Montepulciano – Shrine of Saint Agnese
In the Saint Agnese square
The saint’s shrine is located facing the 16th century ramparts of the Porta al Prato, that open into the lower part of the historical centre. The shrine is seto on a hillock outside the town walls and was founded by the Domenican nun, Saint Agnese Segni (1268-1317), in 1306. The hill chosen by the saint on which to build her church, following a vision of a stairway from its summit unifying earth and sky, was occupied by brothels and Angese bought it for 1,200 lire. So the hill was transformed from a sinful to a holy place. The church, monumental cloister and its convent – now totally transformed – host the undecayed body of Saint Agnese and many of her relics. Montepulciano’s saint was a mystic and God bequeathed her with numerous celestial attributes such as heavenly visions, trances and miracles.
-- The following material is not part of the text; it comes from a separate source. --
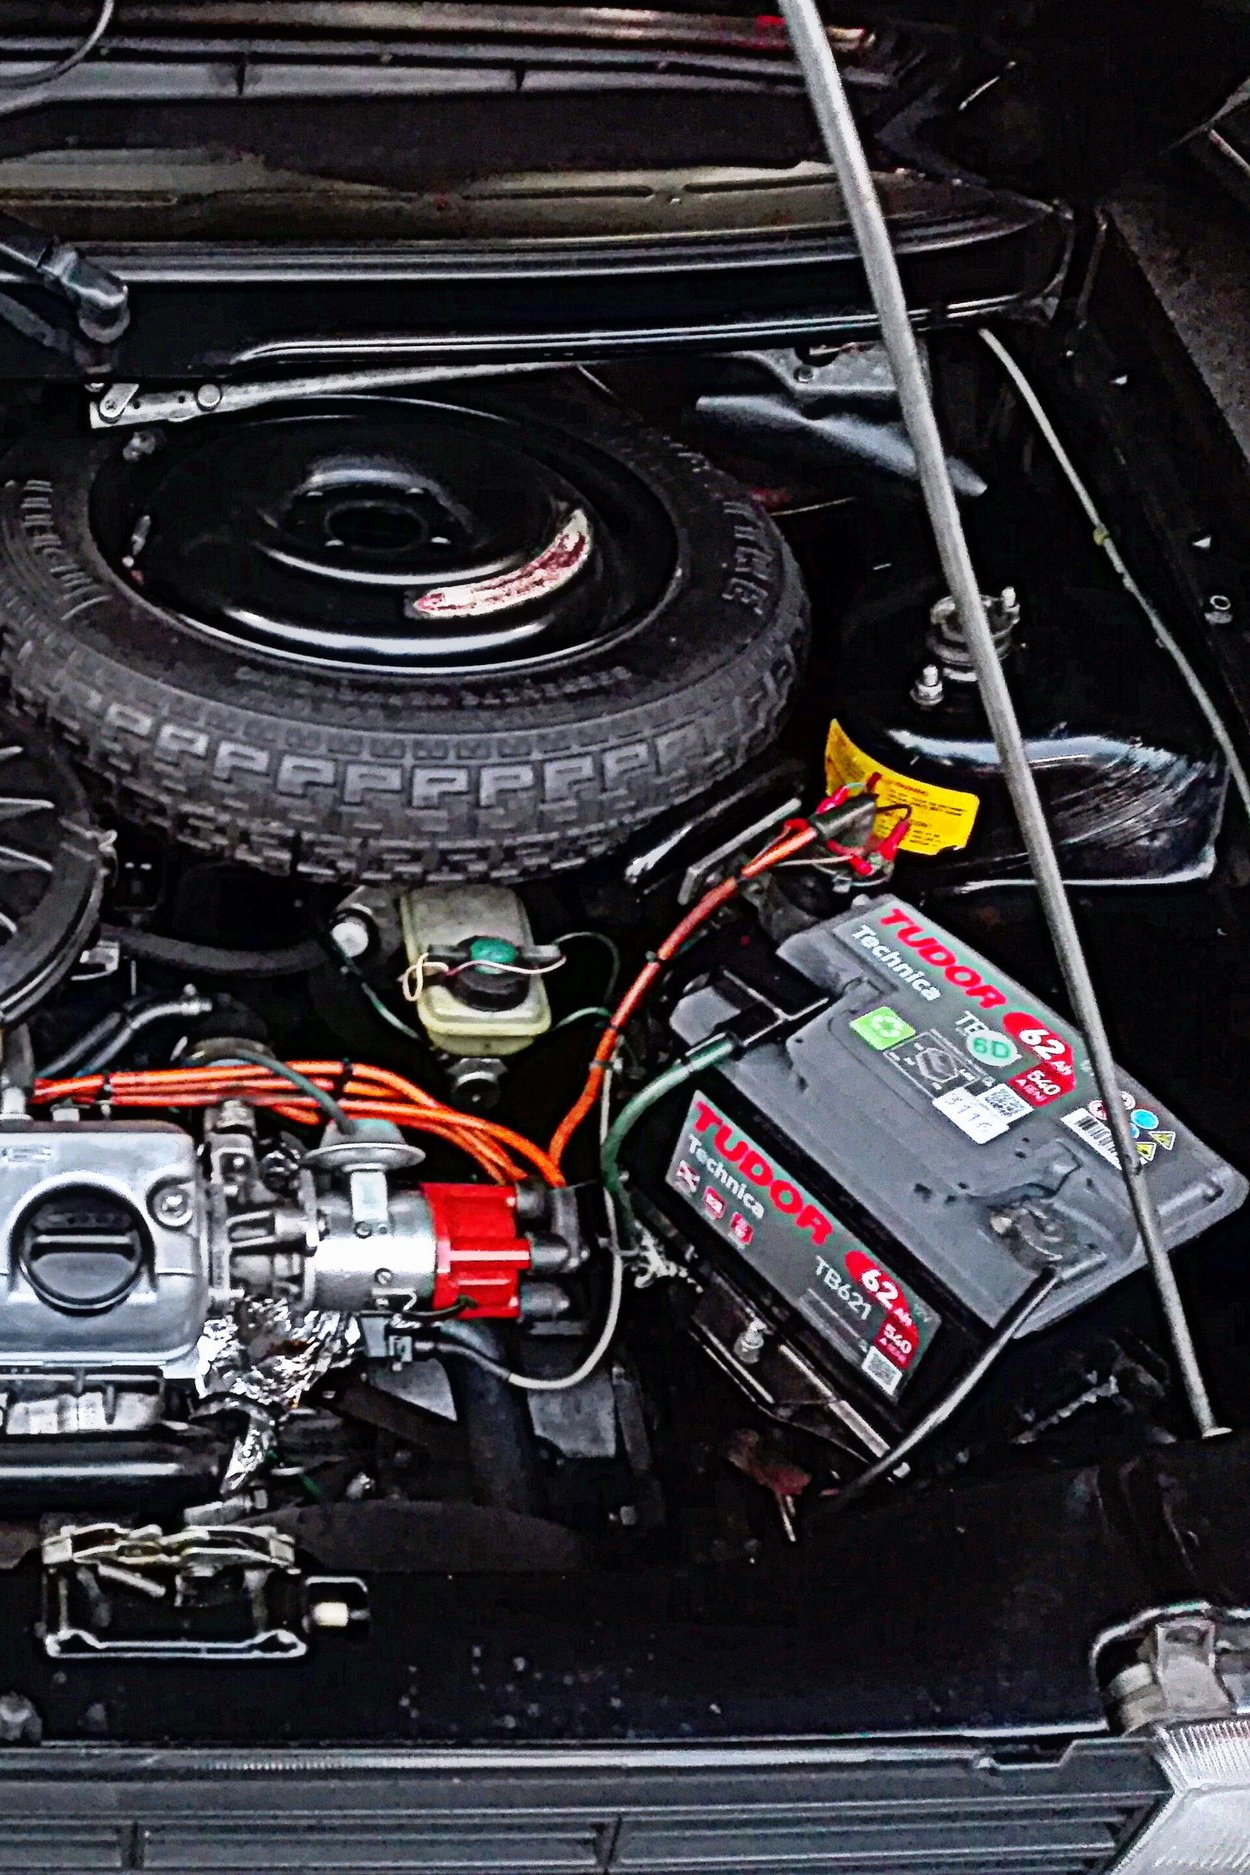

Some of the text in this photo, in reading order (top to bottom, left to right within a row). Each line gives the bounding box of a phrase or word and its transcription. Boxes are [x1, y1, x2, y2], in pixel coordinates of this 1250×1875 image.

The original church was enlarged in 1311 and took the name of Santa Maria Novella, but straight after the saint’s death, worshippers began to call the church after her. At the end of the seventeenth centurym the church underwent radical restructuring since – as recorded in the hagiography of the life on the saint, it was originally built using bare earth and simple canes. The church facade, lined in the twentieth century by horizontal strips of white and ochre travertine, still features its original fourteenth century portal. The interior consists of one barrel-vaulted nave which preserves the body of the saint in a marble urn. The cenotaph is adorned by stucco statues representing Saint Agnese thronged by angels. The shrine is full of pictures and frescoes from the school fo Simone Martini, Raffaello Vanni, Ulisse Giocchi, Giovanni da San Giovanni, Salvi Castellucci and Nicola Nasini. The central rose window depicts the titular saint and its attributed to Bano di Michelangelo of Cortona. The thirteenth century wooden crucifix, in front of which a praying Saint Agnese usually levitated from the ground, is a work of the German Rhine school. Adjoining the shrine is a convent, where some Dominican fathers are based, who serve the church and run the parish: the monumentale cloister was built and decorated with frescoes of scenes from the life of Saint Agnese from 1603-1756.
The liturgical feast of Saint Agnese falls on April 20, but each year, starting from this date her shrine holds nine consecutive days of intense prayer that culminate on the firs of May, the saint’s popular feast, when a very ancient fair is held with a solemn Eucharist attended by clergy, local councillors, the eight town quarters and the population as a whole.